FIGURE 1.

p68 is acetylated by p300. A, activation of the TORU luciferase reporter by p68. Where indicated, CV-1 cells were transfected with p68 expression vector and treated with sodium butyrate. B, 293T cells were untreated or either treated with sodium butyrate or transfected with a p300 expression vector. Immunoprecipitation (IP) was performed with two different acetyllysine antibodies (AcK1, AcK2) or control GAL4 antibodies. Immunoprecipitated p68 was then revealed by blotting with a p68 antibody.
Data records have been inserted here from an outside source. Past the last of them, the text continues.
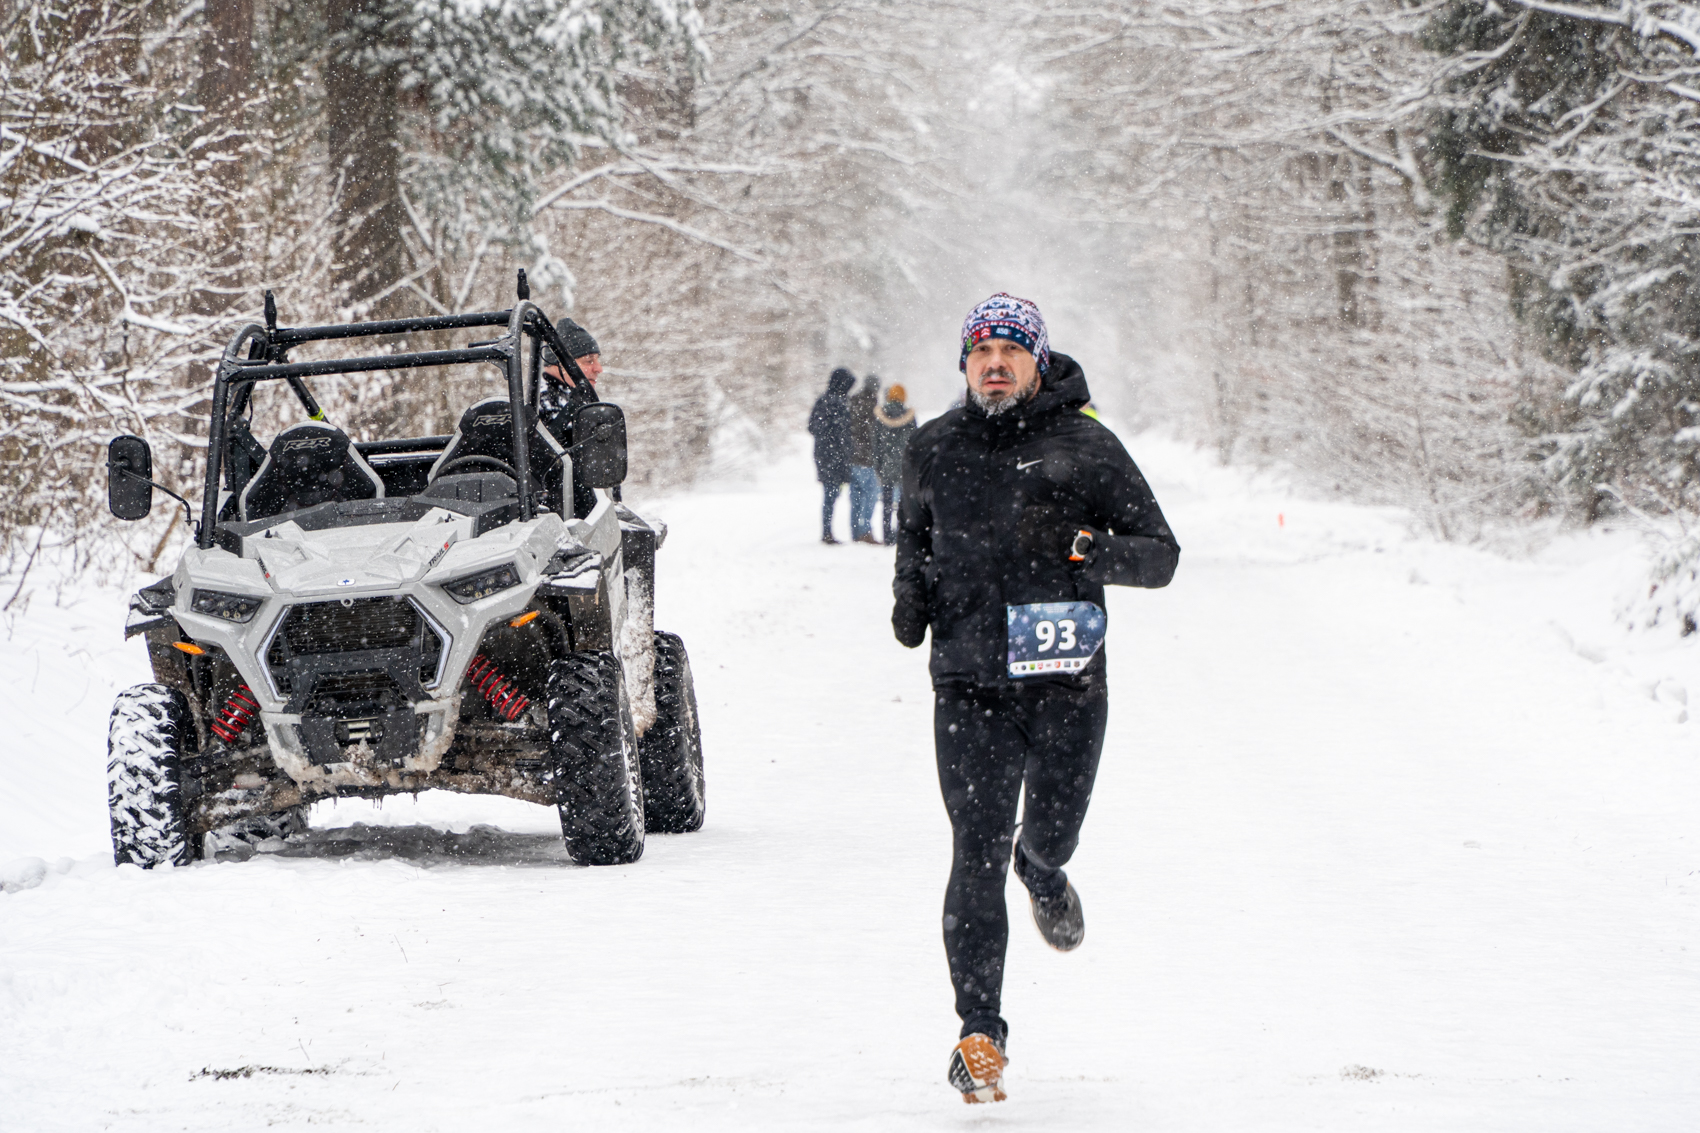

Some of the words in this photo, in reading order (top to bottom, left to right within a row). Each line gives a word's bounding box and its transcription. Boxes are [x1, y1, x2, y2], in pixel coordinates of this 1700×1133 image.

[283, 436, 331, 452] RZR
[428, 547, 445, 567] TRAIL
[1036, 620, 1076, 652] 93
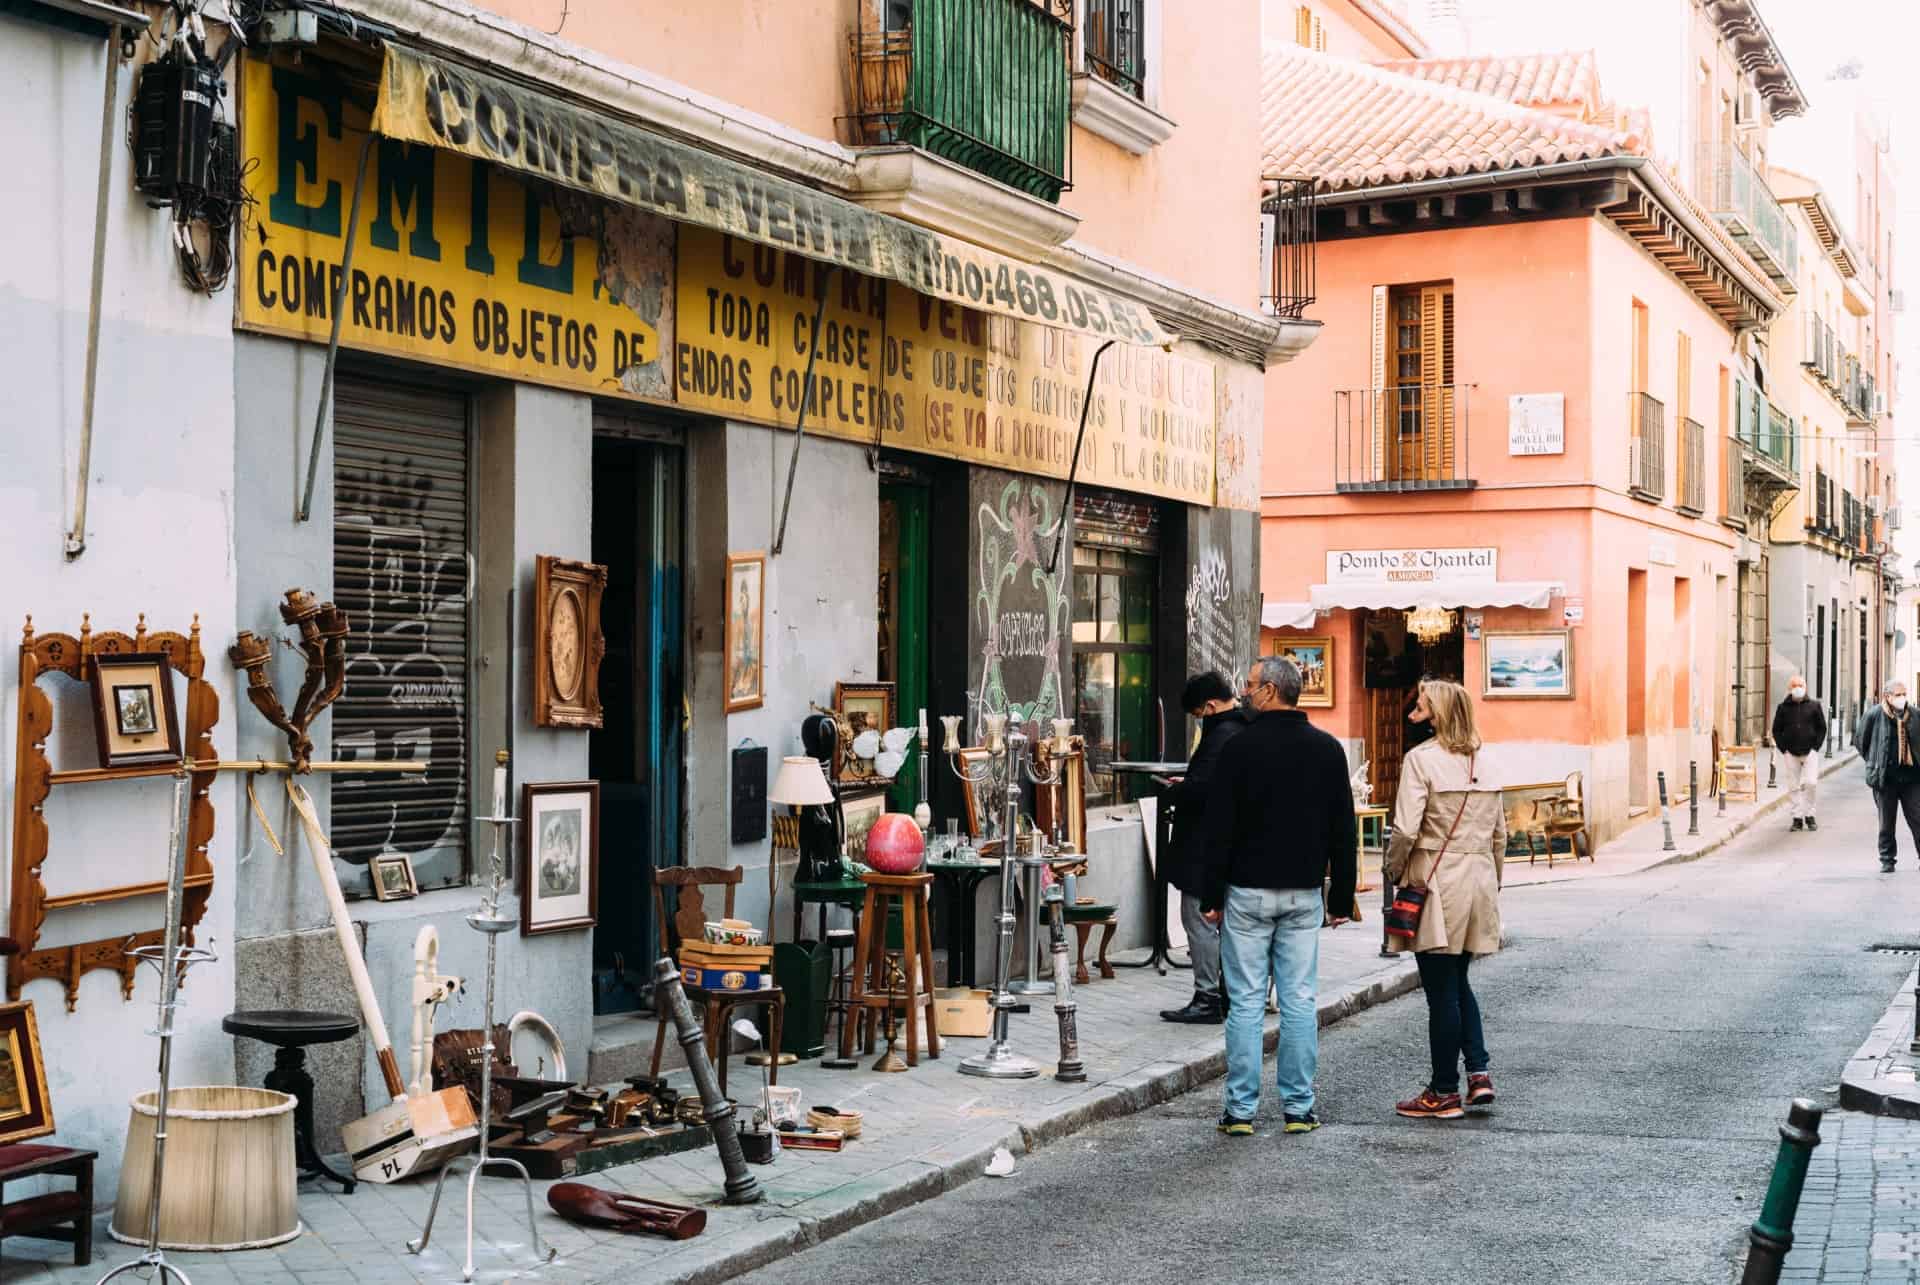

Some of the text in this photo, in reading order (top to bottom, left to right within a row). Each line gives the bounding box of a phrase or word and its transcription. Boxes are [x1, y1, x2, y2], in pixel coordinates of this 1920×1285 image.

[256, 248, 645, 378] COMPRAMOS OBJETOS DE
[706, 287, 769, 348] TODA
[793, 311, 870, 371] CLASE
[886, 335, 913, 381] DE
[932, 348, 1017, 407] OBJETOS
[770, 364, 905, 433] COMPLETAS
[963, 406, 987, 450] VA
[1338, 550, 1492, 573] Pombo Chantal
[381, 1157, 402, 1179] 14
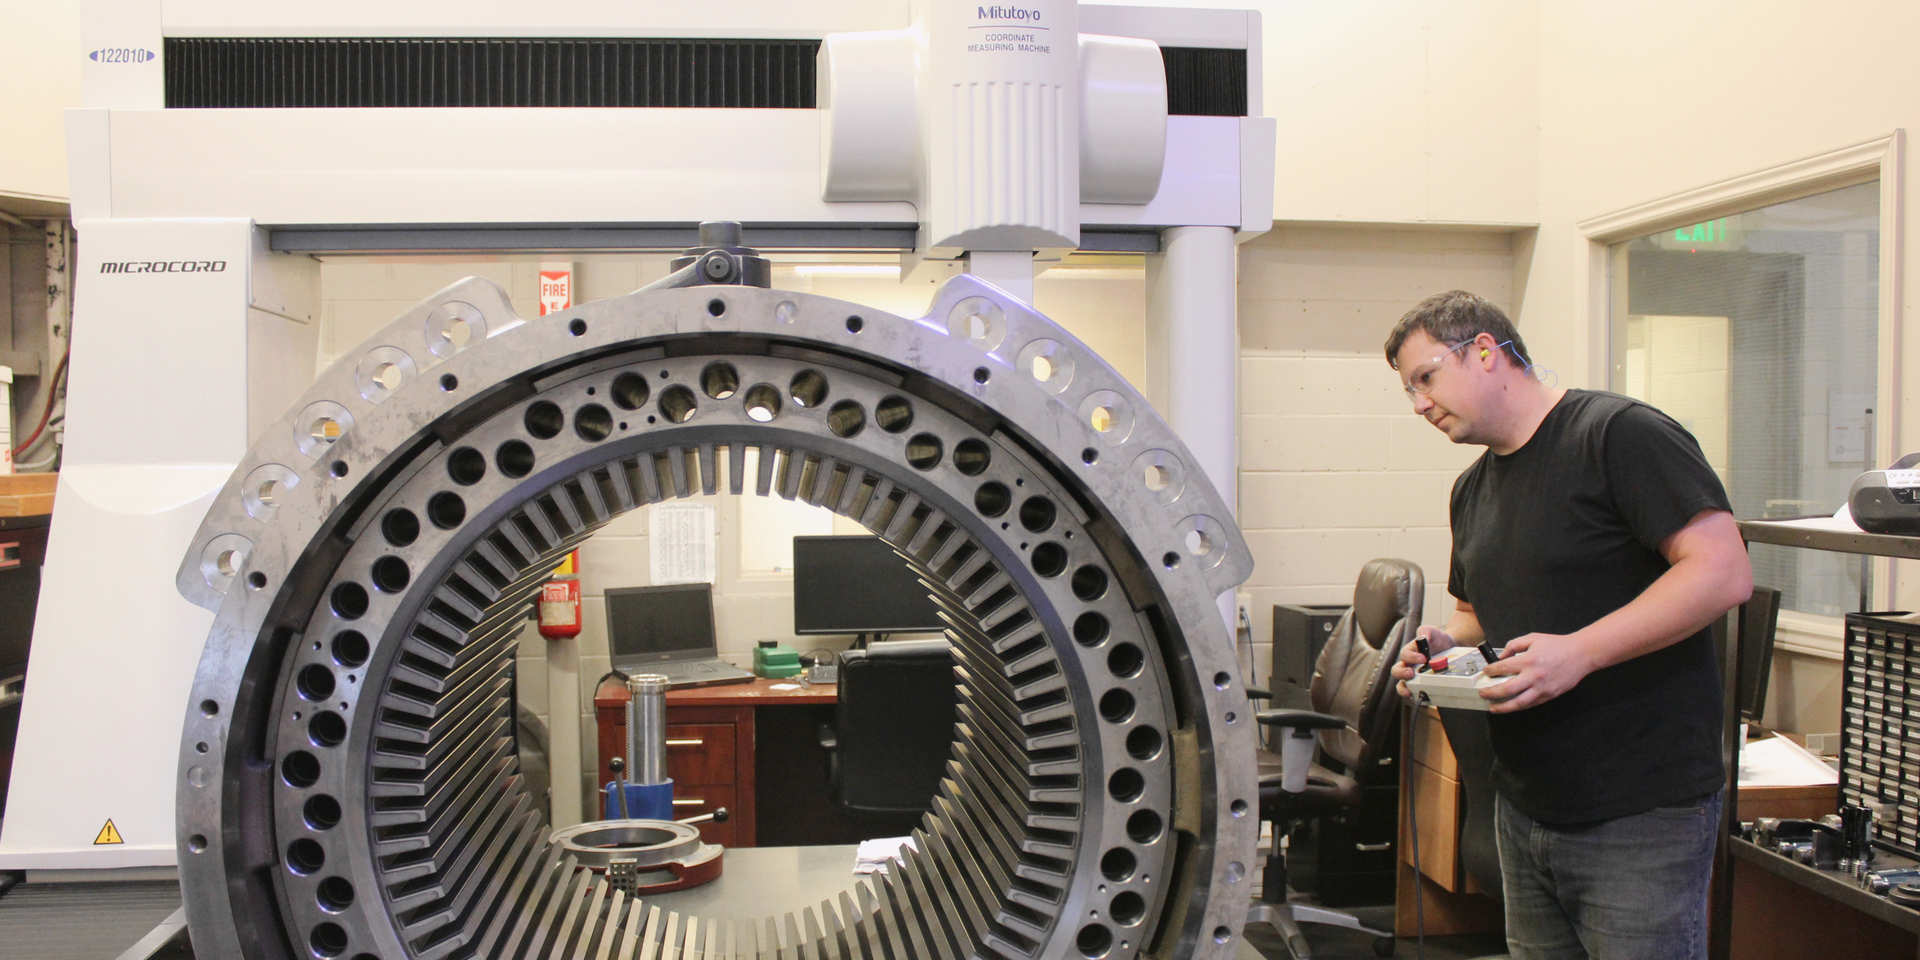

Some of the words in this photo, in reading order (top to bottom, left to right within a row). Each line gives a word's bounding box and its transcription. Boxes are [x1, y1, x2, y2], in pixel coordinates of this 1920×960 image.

[978, 6, 1040, 22] Mitutoyo
[985, 33, 1035, 42] COORDINATE
[968, 43, 1014, 52] MEASURING
[1018, 44, 1050, 53] MACHINE
[100, 48, 145, 63] 122010
[100, 261, 227, 273] MICROCORD
[543, 283, 566, 297] FIRE
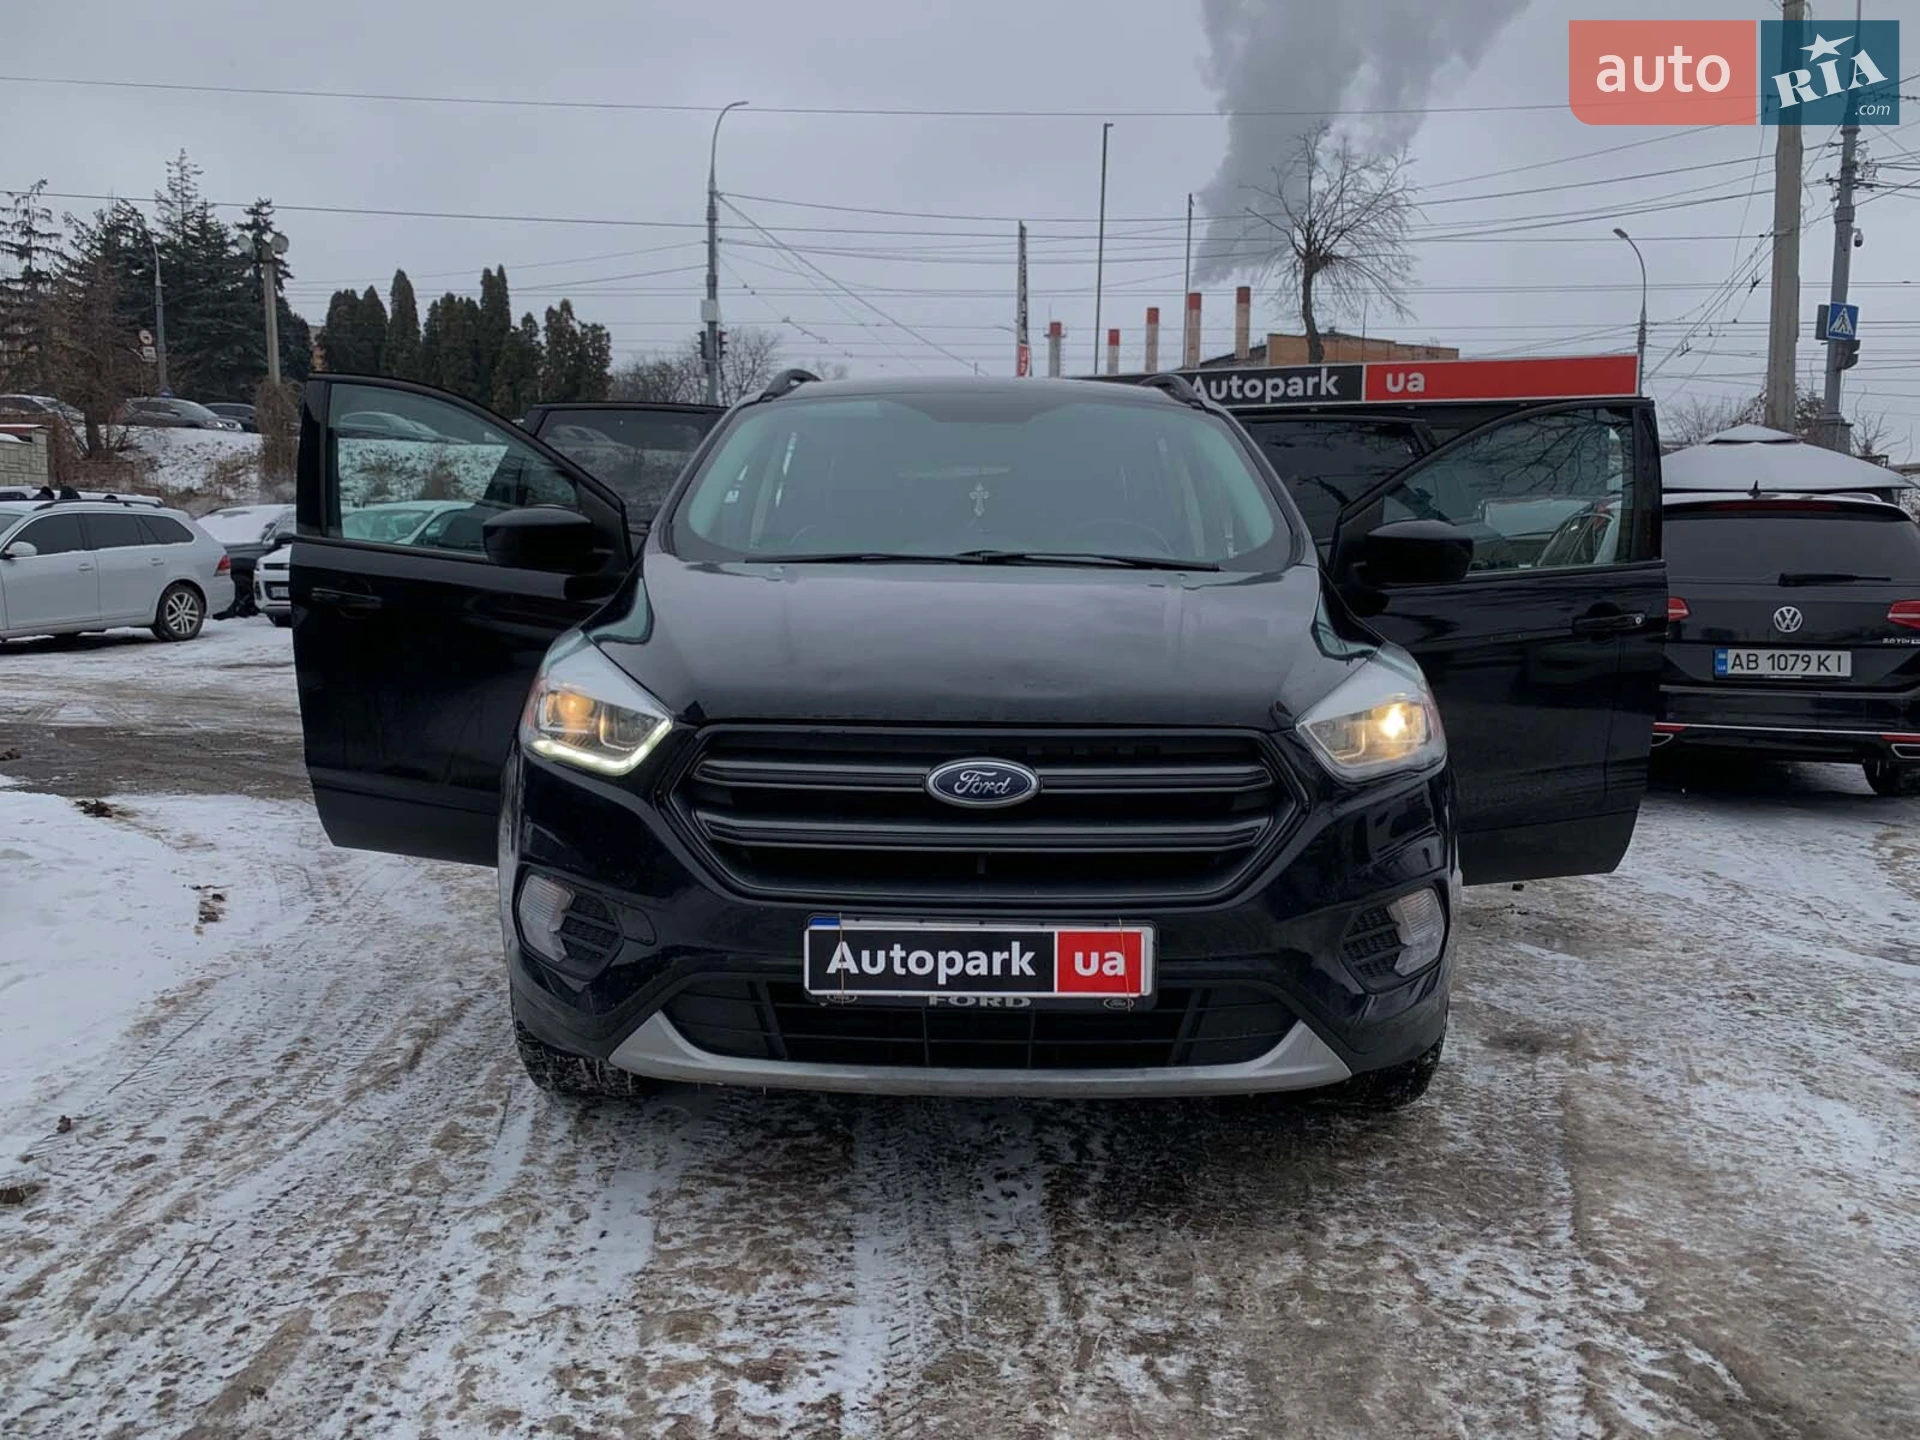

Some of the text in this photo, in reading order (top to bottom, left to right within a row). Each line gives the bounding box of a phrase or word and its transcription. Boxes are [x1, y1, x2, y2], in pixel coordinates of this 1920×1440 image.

The bottom panel shows that comparable amounts of total p68 were present in each immunoprecipitation experiment. C, indicated GST fusion proteins were incubated with recombinant p300, P/CAF or ACTR in the presence of [¹⁴C]acetyl coenzyme A. Acetylation was revealed by determining the incorporation of radioactivity through autoradiography. D, p300-HA and HER2/Neu-V664E, Ras-G12V, or Raf-BXB were coexpressed as indicated in 293T cells. Anti-HA immunoprecipitates were then employed in an in vitro acetylation assay with [¹⁴C]acetyl coenzyme A. Shown is the incorporation of radioactivity into GST-p68. E, 293T cells were transfected with 6Myc-p68 and the indicated oncogenic mutants of Ras or Raf. Immunoprecipitations were preformed with control (GAL4) or acetyllysine (AcK1) antibodies. Shown are anti-Myc blots of the immunoprecipitates and the corresponding inputs. F, analogous, impact of HER2/Neu on the in vivo acetylation of p68.